Dragon is the first published stream cipher to employ a nonlinear feedback for the state update function and a nonlinear function for output, where the long minimum cycle is guaranteed by a clock-like structure. The feedback and output are generated together by a permutation that takes as input data from state words according to a full-positive difference set. These design choices make it difficult to employ standard analysis methods. The permutation uses S-boxes designed using evolutionary search heuristics.

The cipher was a Phase 3 Focus candidate for the eSTREAM project, and satisfied all the requirements for speed and security. The cipher is targeted for fast software implementations and versions with different key lengths exists.
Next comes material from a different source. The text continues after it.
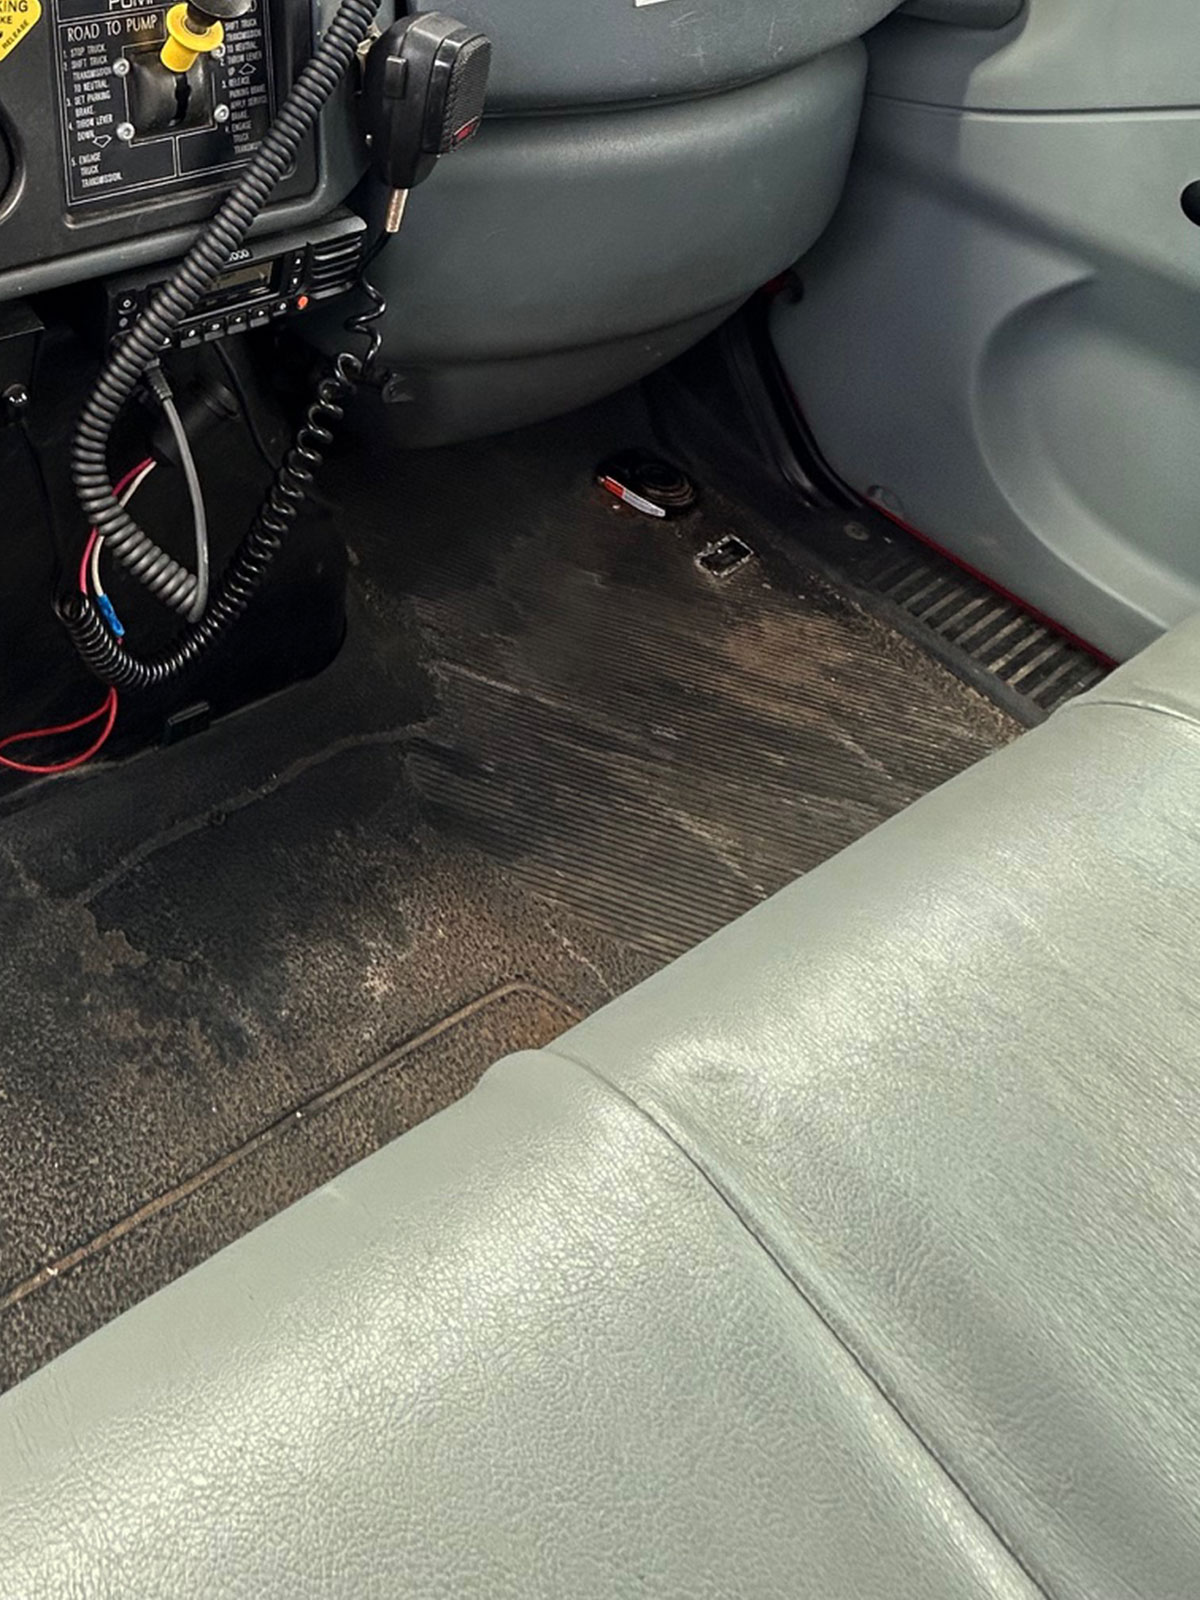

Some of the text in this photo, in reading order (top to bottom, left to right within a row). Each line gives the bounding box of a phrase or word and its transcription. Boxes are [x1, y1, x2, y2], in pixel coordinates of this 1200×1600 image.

The version selected for Phase 3 is Dragon-128. It is not Patented.

Dragon has not been successfully attacked to date, but Cho and Pieprzyk found biases within the primary non-linear component of the cipher. Some have suggested that the security of the cipher is weaker than intended by its designers. However, the methods to detect the biases require such a large amount of data, which would not be generated by any actual use of the algorithm, that an alternative interpretation exists: the published analysis shows that the cipher is quite secure.